Density Estimators in Particle Hydrodynamics: DTFE versus regular SPH
F.I. Pelupessy, W.E. Schaap, R. van de Weygaert

TL;DR
This paper compares the Delaunay Tessellation Field Estimator (DTFE) with traditional SPH methods for density reconstruction, demonstrating DTFE's superior accuracy and adaptability in astrophysical simulations.
Contribution
It introduces DTFE as a fully self-adaptive density estimator and discusses its integration into particle hydrodynamics codes, outperforming conventional SPH techniques.
Findings
DTFE provides more accurate local density estimates than SPH.
DTFE faithfully reproduces anisotropies in particle distributions.
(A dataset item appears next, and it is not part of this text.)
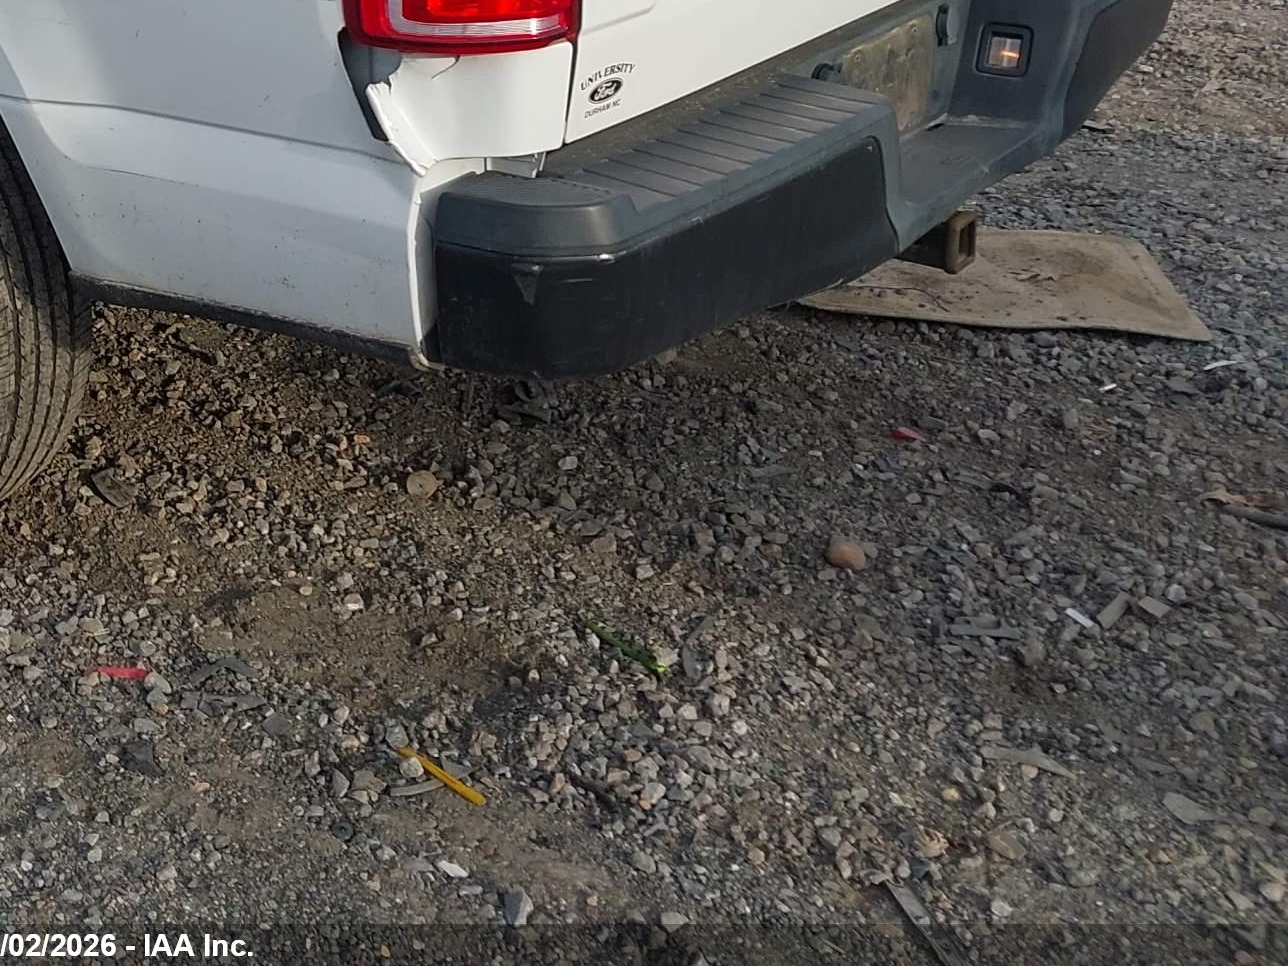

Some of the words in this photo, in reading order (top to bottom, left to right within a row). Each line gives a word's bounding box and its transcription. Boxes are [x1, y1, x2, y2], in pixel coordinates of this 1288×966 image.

[580, 62, 636, 91] UNIVERSITY
[592, 80, 619, 101] Ford
[584, 102, 611, 118] DURHAM
Potential for DTFE to improve astrophysical hydrodynamics simulations.
Abstract
We present the results of a study confronting density maps reconstructed by the Delaunay Tessellation Field Estimator (DTFE) and by regular SPH kernel-based techniques. The comparison between the two methods clearly demonstrates the superior performance of the DTFE with respect to conventional SPH methods, in particular at locations where SPH appears to fail. The DTFE is a fully self-adaptive technique for reconstructing continuous density fields from discrete particle distributions, and is based upon the corresponding Delaunay tessellation. Its principal asset is its complete independence of arbitrary smoothing functions and parameters specifying the properties of these. As a result it manages to faithfully reproduce the anisotropies of the local particle distribution and through its adaptive and local nature proves to be optimally suited for uncovering the full structural richness in…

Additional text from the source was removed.